That contract has come under fire for lack of transparency, violating the state's "revolving door" statute on state officials immediately going to work for related private businesses, and more.
But, then, he "went there" (emphasis added in quote):
"In view of the State Auditor’s Office report criticizing Texas’ $462 million contract with the British firm Pearson as too vague, it should be more evident to everyone that the entire contract needs to be eliminated.Good thing it's "fish and chips" instead of "fish and British fries," eh?
“My policy as governor would be to work with the Texas Education Agency to find a more sensible and less costly way of testing our public school students’ levels of achievement. There are better ways of ensuring accountability in public education while also maintaining high standards.
“I have previously called for completely ending the contract with this British-owned company. It is increasingly obvious that now is the time to end this contract.”

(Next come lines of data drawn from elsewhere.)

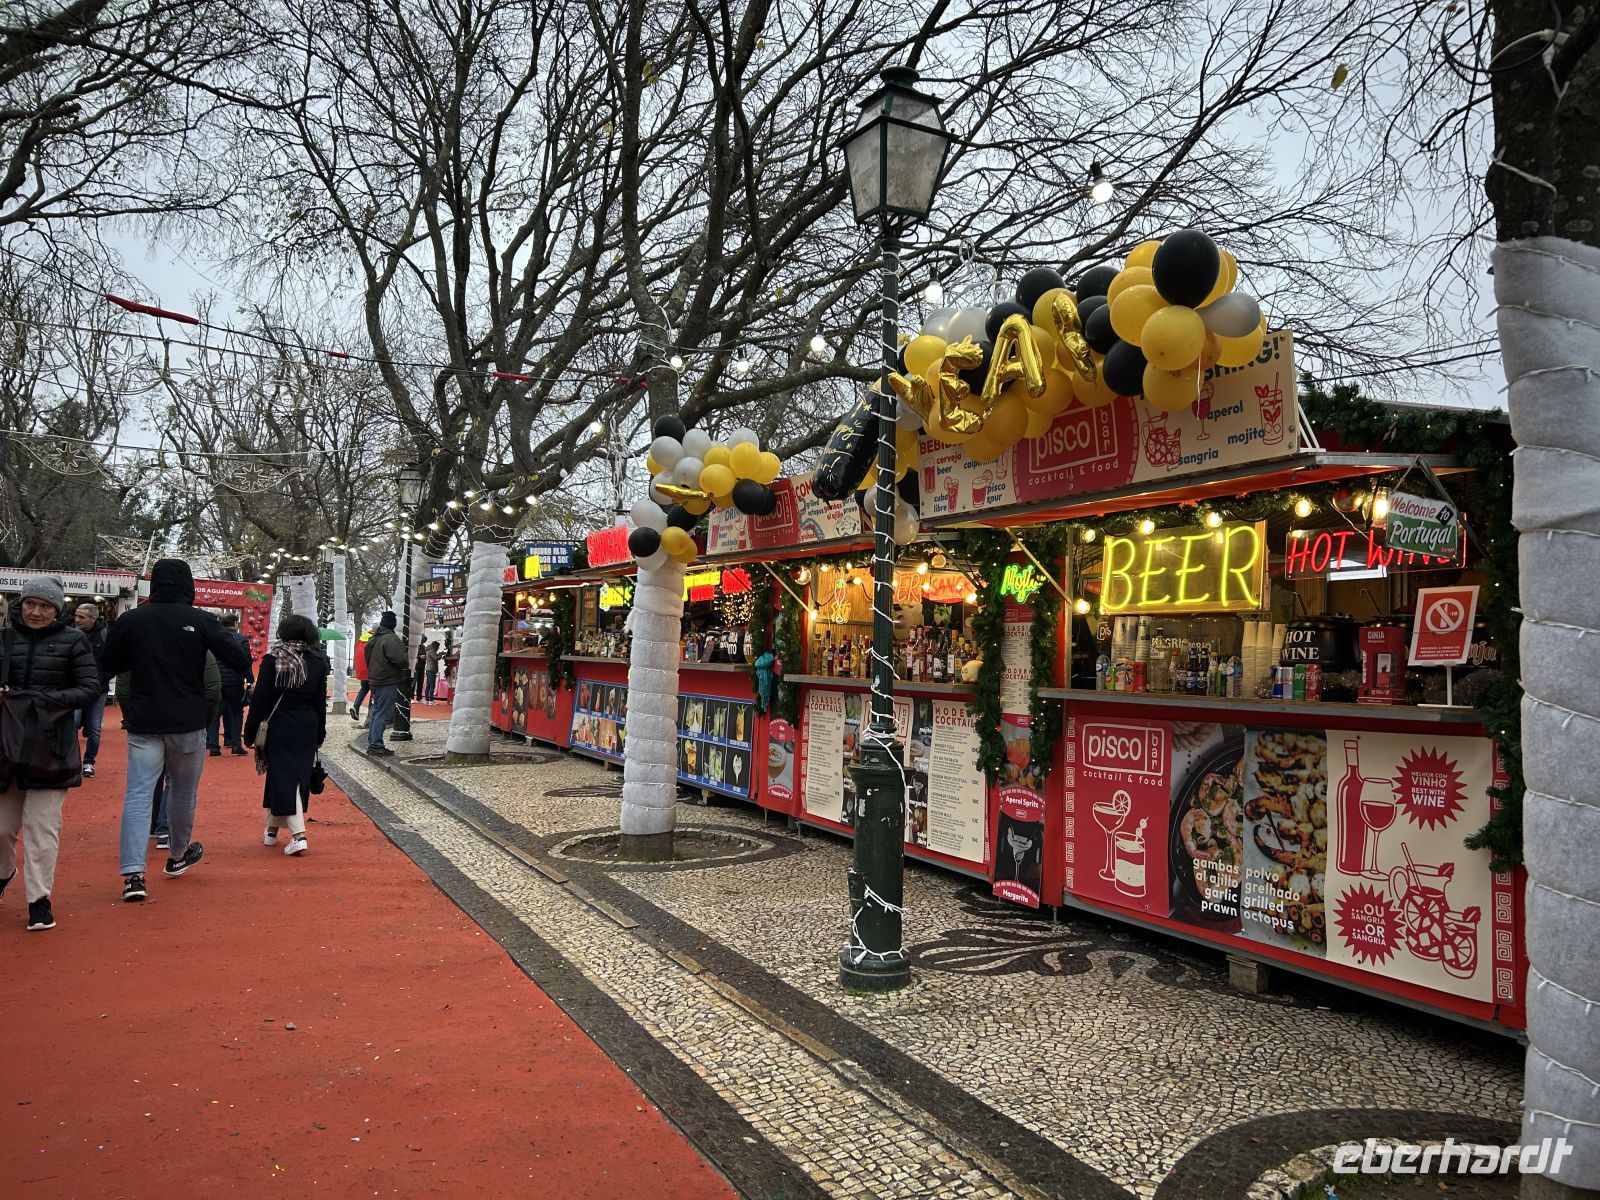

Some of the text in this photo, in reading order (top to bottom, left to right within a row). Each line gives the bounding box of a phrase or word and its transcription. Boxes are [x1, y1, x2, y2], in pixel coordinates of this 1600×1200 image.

[1206, 400, 1244, 422] aperol
[1100, 409, 1110, 452] bar
[1227, 428, 1266, 445] mojito
[936, 451, 962, 464] cerveja
[1178, 448, 1219, 465] sangria
[937, 465, 953, 475] beer
[1028, 458, 1119, 486] cocktail & food
[987, 482, 1006, 495] pisco
[987, 494, 1003, 504] sour
[934, 504, 947, 512] libre
[1390, 497, 1451, 521] Welcome to
[1390, 520, 1453, 550] Portugal
[1288, 531, 1355, 574] HOT
[1101, 525, 1260, 610] BEER
[68, 582, 88, 590] WINES
[206, 588, 243, 596] AGUARDAM
[1285, 630, 1316, 644] HOT
[1282, 647, 1320, 660] WINE
[810, 703, 842, 713] COCKTAILS
[811, 695, 842, 705] CLASSIC
[935, 715, 977, 728] COCKTAIL
[1088, 729, 1142, 762] pisco
[1083, 770, 1163, 787] cocktail & food
[1411, 776, 1447, 788] VINHO
[1006, 796, 1039, 808] Aperol Spritz
[1411, 793, 1445, 808] WINE
[1193, 858, 1239, 875] gambas
[1195, 870, 1239, 888] al ajillo
[1245, 867, 1280, 883] polvo
[1003, 889, 1029, 903] Margarita
[1204, 887, 1238, 903] garlic
[1244, 882, 1301, 901] grelhado
[1201, 900, 1238, 917] prawn
[1243, 896, 1284, 914] grilled
[1243, 910, 1294, 930] octopus
[1351, 912, 1386, 926] SANGRIA
[1352, 932, 1387, 946] SANGRIA

The contract is wrong because it's wrong, period. No xenophobic references needed. And, Deepwater Horizon aside, what does Pauken think of BP, the former British Petroleum? Or Royal Dutch Shell?
Meanwhile, the Dallas Morning News reports the revolving door has been shut again.

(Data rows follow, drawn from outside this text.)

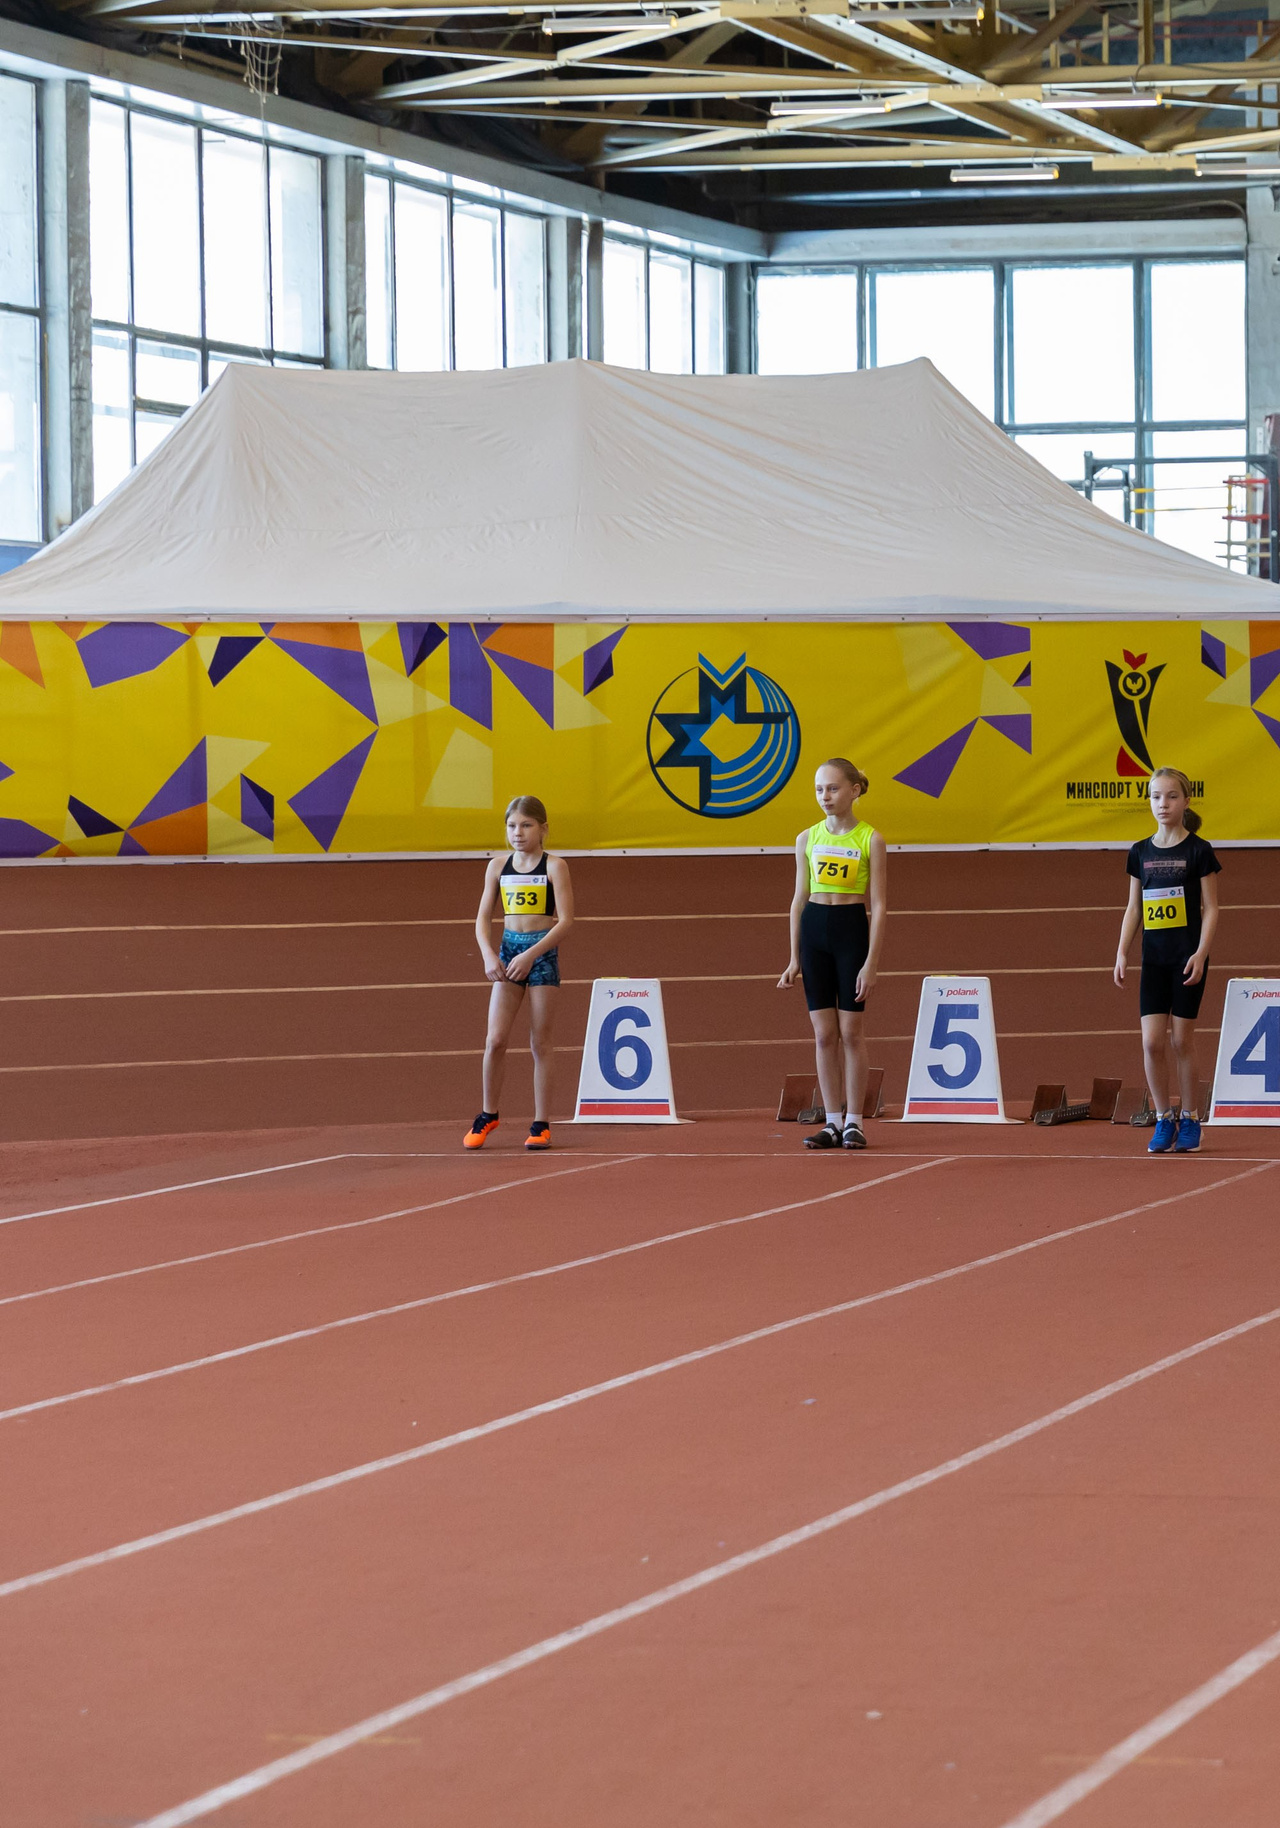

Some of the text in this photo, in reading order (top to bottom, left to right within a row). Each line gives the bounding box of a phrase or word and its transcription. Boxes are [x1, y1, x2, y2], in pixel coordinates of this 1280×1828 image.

[1066, 781, 1132, 799] МИНСПОРТ
[817, 861, 849, 878] 751
[505, 892, 538, 906] 753
[1147, 904, 1177, 921] 240
[617, 989, 649, 999] polanik
[946, 988, 979, 998] polanik
[598, 1005, 652, 1091] 6
[927, 1004, 982, 1090] 5

Meanwhile, where was Comptroller Susan Combs during all this? It's arguable that she was AWOL from monitoring that her agency has a right to do. Yes, the state auditor is the first line of defense, but, if that office wasn't going to intervene, the comptroller's office could have, IMO.
Finally, this is why Greg Abbott thinks he can do a general-election focused panderfest during the primary. Pauken makes him look sane, and offers little real competition.

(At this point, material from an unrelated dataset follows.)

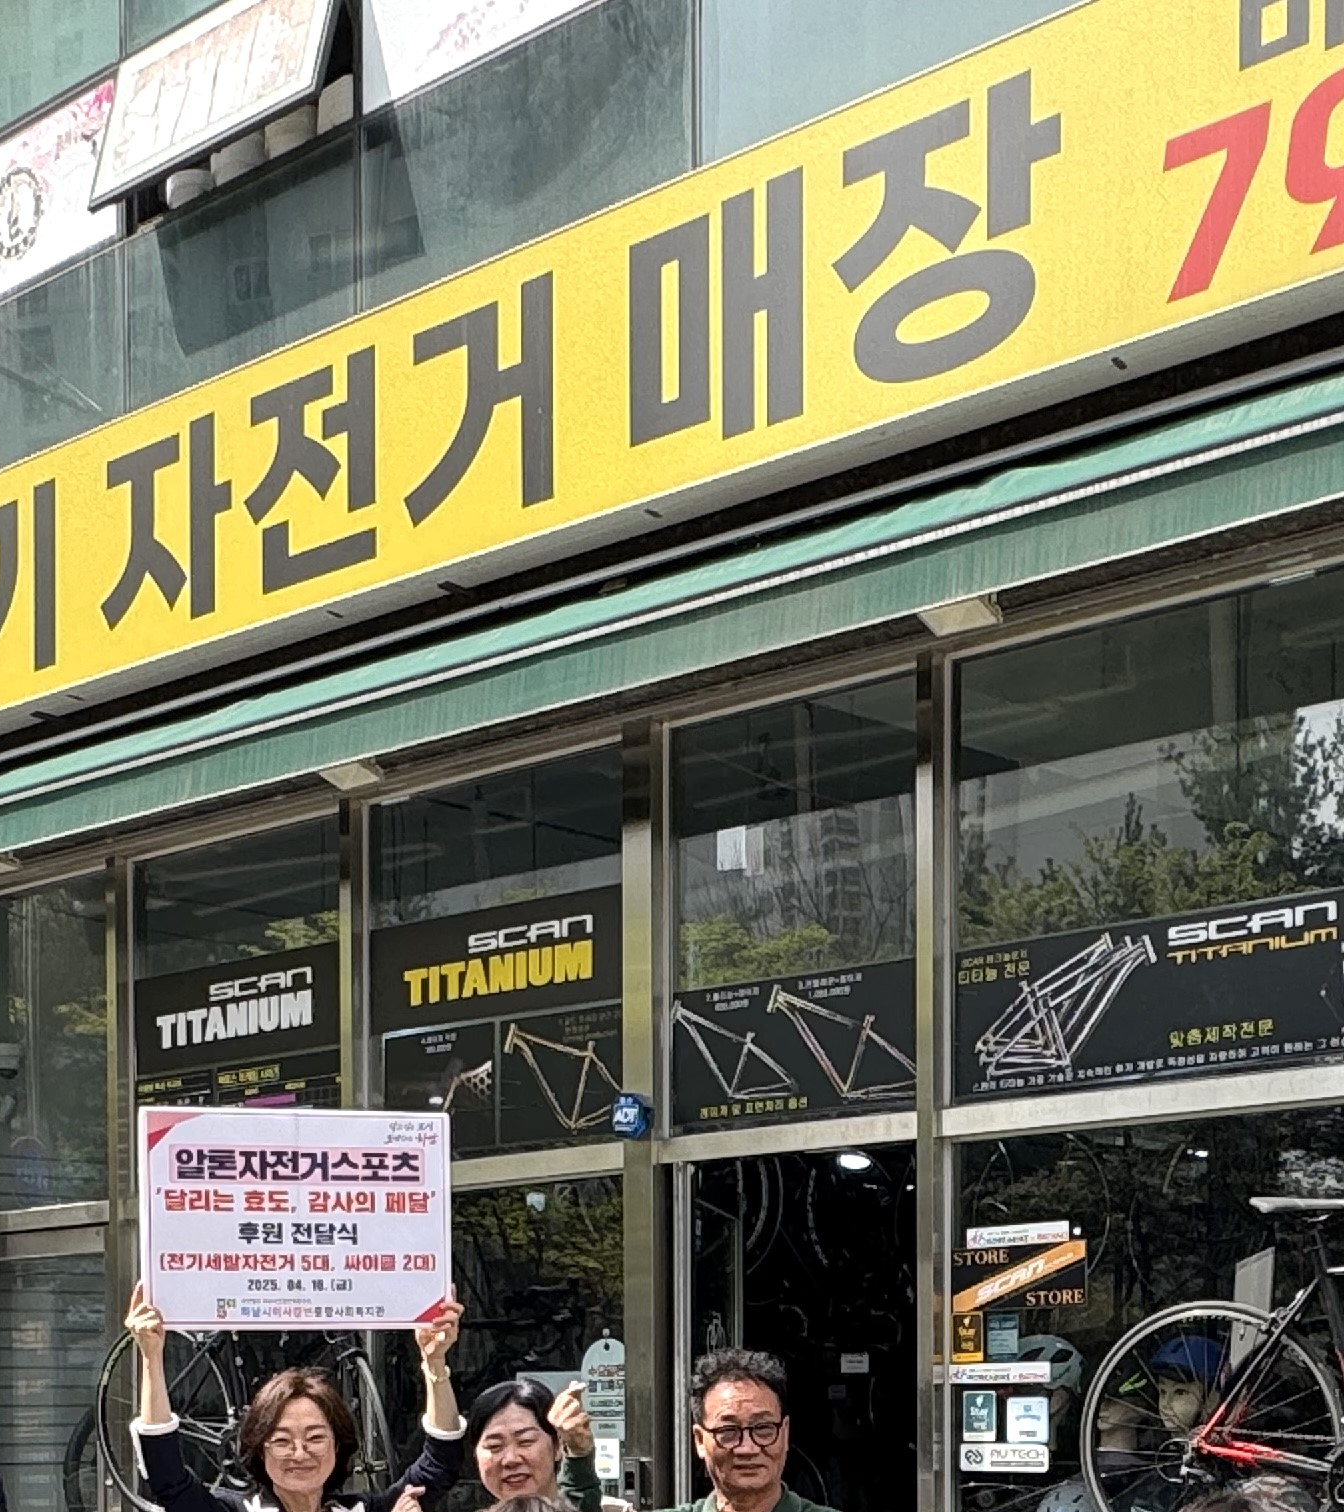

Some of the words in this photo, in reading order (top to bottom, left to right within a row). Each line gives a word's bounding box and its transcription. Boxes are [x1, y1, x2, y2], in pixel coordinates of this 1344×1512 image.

The man has no electoral politics brains whatsoever.
If he did, instead of Brit-bashing, he'd be rhetorically asking how the revolving door issues flew by Abbott's office without an adversarial AG's opinion.
Instead, it's the same xenophobia we saw over the Trans-Texas Corridor. It too was wrong. But Cintra being a Spanish company, as wingnuts repeatedly mouthed, had nothing to do with it being wrong.